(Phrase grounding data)
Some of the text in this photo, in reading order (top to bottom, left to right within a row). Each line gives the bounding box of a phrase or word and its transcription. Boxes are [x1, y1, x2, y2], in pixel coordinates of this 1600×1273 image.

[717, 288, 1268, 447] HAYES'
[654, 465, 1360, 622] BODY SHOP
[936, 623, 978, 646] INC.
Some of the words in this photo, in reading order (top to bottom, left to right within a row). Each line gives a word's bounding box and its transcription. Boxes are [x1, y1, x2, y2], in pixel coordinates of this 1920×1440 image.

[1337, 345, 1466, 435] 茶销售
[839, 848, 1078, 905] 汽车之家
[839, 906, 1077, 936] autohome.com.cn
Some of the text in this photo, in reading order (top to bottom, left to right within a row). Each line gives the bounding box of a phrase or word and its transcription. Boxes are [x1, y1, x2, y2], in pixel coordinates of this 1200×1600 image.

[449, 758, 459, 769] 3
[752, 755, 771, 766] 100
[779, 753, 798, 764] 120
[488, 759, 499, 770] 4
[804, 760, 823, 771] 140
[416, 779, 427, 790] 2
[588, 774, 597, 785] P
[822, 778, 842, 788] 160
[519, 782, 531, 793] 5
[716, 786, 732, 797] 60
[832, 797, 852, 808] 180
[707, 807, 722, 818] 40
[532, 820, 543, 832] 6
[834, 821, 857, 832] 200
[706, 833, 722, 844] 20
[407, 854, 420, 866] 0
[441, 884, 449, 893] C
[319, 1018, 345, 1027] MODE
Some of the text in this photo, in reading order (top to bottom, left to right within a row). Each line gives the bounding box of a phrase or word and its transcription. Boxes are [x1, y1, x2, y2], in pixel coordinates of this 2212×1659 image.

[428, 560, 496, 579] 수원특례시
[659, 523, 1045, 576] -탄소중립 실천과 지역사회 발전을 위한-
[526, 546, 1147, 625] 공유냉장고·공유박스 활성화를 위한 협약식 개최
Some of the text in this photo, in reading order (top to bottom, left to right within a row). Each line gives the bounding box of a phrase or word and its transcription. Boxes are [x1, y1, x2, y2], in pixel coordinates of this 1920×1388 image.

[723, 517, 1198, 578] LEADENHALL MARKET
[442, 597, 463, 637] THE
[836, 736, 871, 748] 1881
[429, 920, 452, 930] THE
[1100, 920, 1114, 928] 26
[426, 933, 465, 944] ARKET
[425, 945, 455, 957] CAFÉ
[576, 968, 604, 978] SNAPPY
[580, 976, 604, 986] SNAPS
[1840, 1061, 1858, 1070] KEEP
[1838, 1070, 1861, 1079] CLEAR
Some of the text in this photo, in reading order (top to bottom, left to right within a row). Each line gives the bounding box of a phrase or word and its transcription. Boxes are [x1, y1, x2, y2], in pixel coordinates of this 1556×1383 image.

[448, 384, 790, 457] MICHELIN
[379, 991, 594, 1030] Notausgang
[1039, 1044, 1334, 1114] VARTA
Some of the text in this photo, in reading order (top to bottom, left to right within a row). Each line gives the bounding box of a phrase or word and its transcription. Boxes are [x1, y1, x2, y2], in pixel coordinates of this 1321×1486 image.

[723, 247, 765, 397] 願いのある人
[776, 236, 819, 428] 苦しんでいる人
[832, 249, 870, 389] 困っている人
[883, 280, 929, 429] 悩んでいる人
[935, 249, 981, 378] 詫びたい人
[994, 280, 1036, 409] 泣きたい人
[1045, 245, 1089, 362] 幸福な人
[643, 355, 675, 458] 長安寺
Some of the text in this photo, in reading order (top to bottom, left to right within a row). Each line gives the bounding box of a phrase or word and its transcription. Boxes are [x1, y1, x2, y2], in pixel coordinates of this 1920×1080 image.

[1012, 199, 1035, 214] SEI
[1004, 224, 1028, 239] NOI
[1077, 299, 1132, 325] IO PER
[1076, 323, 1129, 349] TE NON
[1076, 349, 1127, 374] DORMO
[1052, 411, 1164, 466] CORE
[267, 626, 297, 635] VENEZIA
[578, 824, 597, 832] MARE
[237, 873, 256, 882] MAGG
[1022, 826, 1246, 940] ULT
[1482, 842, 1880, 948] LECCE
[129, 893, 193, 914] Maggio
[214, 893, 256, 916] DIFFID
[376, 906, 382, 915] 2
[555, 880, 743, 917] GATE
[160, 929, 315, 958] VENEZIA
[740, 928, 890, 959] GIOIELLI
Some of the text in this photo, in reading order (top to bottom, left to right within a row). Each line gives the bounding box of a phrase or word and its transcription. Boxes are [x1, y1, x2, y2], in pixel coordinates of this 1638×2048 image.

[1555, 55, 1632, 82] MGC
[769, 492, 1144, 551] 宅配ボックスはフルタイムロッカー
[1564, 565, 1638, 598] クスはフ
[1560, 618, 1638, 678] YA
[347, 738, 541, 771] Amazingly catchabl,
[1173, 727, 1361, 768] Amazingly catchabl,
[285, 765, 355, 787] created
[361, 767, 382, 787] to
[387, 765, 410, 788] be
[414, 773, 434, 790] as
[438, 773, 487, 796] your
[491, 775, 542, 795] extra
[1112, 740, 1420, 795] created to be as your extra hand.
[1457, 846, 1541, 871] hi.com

§ **AIM OF THE EXERCISE**
Restate the records from above exactly as they read.

§ **TASK ANSWER**
Some of the text in this photo, in reading order (top to bottom, left to right within a row). Each line gives the bounding box of a phrase or word and its transcription. Boxes are [x1, y1, x2, y2], in pixel coordinates of this 1600×1273 image.

[717, 288, 1268, 447] HAYES'
[654, 465, 1360, 622] BODY SHOP
[936, 623, 978, 646] INC.
Some of the words in this photo, in reading order (top to bottom, left to right within a row). Each line gives a word's bounding box and its transcription. Boxes are [x1, y1, x2, y2], in pixel coordinates of this 1920×1440 image.

[1337, 345, 1466, 435] 茶销售
[839, 848, 1078, 905] 汽车之家
[839, 906, 1077, 936] autohome.com.cn
Some of the text in this photo, in reading order (top to bottom, left to right within a row). Each line gives the bounding box of a phrase or word and its transcription. Boxes are [x1, y1, x2, y2], in pixel coordinates of this 1200×1600 image.

[449, 758, 459, 769] 3
[752, 755, 771, 766] 100
[779, 753, 798, 764] 120
[488, 759, 499, 770] 4
[804, 760, 823, 771] 140
[416, 779, 427, 790] 2
[588, 774, 597, 785] P
[822, 778, 842, 788] 160
[519, 782, 531, 793] 5
[716, 786, 732, 797] 60
[832, 797, 852, 808] 180
[707, 807, 722, 818] 40
[532, 820, 543, 832] 6
[834, 821, 857, 832] 200
[706, 833, 722, 844] 20
[407, 854, 420, 866] 0
[441, 884, 449, 893] C
[319, 1018, 345, 1027] MODE
Some of the text in this photo, in reading order (top to bottom, left to right within a row). Each line gives the bounding box of a phrase or word and its transcription. Boxes are [x1, y1, x2, y2], in pixel coordinates of this 2212×1659 image.

[428, 560, 496, 579] 수원특례시
[659, 523, 1045, 576] -탄소중립 실천과 지역사회 발전을 위한-
[526, 546, 1147, 625] 공유냉장고·공유박스 활성화를 위한 협약식 개최
Some of the text in this photo, in reading order (top to bottom, left to right within a row). Each line gives the bounding box of a phrase or word and its transcription. Boxes are [x1, y1, x2, y2], in pixel coordinates of this 1920×1388 image.

[723, 517, 1198, 578] LEADENHALL MARKET
[442, 597, 463, 637] THE
[836, 736, 871, 748] 1881
[429, 920, 452, 930] THE
[1100, 920, 1114, 928] 26
[426, 933, 465, 944] ARKET
[425, 945, 455, 957] CAFÉ
[576, 968, 604, 978] SNAPPY
[580, 976, 604, 986] SNAPS
[1840, 1061, 1858, 1070] KEEP
[1838, 1070, 1861, 1079] CLEAR
Some of the text in this photo, in reading order (top to bottom, left to right within a row). Each line gives the bounding box of a phrase or word and its transcription. Boxes are [x1, y1, x2, y2], in pixel coordinates of this 1556×1383 image.

[448, 384, 790, 457] MICHELIN
[379, 991, 594, 1030] Notausgang
[1039, 1044, 1334, 1114] VARTA
Some of the text in this photo, in reading order (top to bottom, left to right within a row). Each line gives the bounding box of a phrase or word and its transcription. Boxes are [x1, y1, x2, y2], in pixel coordinates of this 1321×1486 image.

[723, 247, 765, 397] 願いのある人
[776, 236, 819, 428] 苦しんでいる人
[832, 249, 870, 389] 困っている人
[883, 280, 929, 429] 悩んでいる人
[935, 249, 981, 378] 詫びたい人
[994, 280, 1036, 409] 泣きたい人
[1045, 245, 1089, 362] 幸福な人
[643, 355, 675, 458] 長安寺
Some of the text in this photo, in reading order (top to bottom, left to right within a row). Each line gives the bounding box of a phrase or word and its transcription. Boxes are [x1, y1, x2, y2], in pixel coordinates of this 1920×1080 image.

[1012, 199, 1035, 214] SEI
[1004, 224, 1028, 239] NOI
[1077, 299, 1132, 325] IO PER
[1076, 323, 1129, 349] TE NON
[1076, 349, 1127, 374] DORMO
[1052, 411, 1164, 466] CORE
[267, 626, 297, 635] VENEZIA
[578, 824, 597, 832] MARE
[237, 873, 256, 882] MAGG
[1022, 826, 1246, 940] ULT
[1482, 842, 1880, 948] LECCE
[129, 893, 193, 914] Maggio
[214, 893, 256, 916] DIFFID
[376, 906, 382, 915] 2
[555, 880, 743, 917] GATE
[160, 929, 315, 958] VENEZIA
[740, 928, 890, 959] GIOIELLI
Some of the text in this photo, in reading order (top to bottom, left to right within a row). Each line gives the bounding box of a phrase or word and its transcription. Boxes are [x1, y1, x2, y2], in pixel coordinates of this 1638×2048 image.

[1555, 55, 1632, 82] MGC
[769, 492, 1144, 551] 宅配ボックスはフルタイムロッカー
[1564, 565, 1638, 598] クスはフ
[1560, 618, 1638, 678] YA
[347, 738, 541, 771] Amazingly catchabl,
[1173, 727, 1361, 768] Amazingly catchabl,
[285, 765, 355, 787] created
[361, 767, 382, 787] to
[387, 765, 410, 788] be
[414, 773, 434, 790] as
[438, 773, 487, 796] your
[491, 775, 542, 795] extra
[1112, 740, 1420, 795] created to be as your extra hand.
[1457, 846, 1541, 871] hi.com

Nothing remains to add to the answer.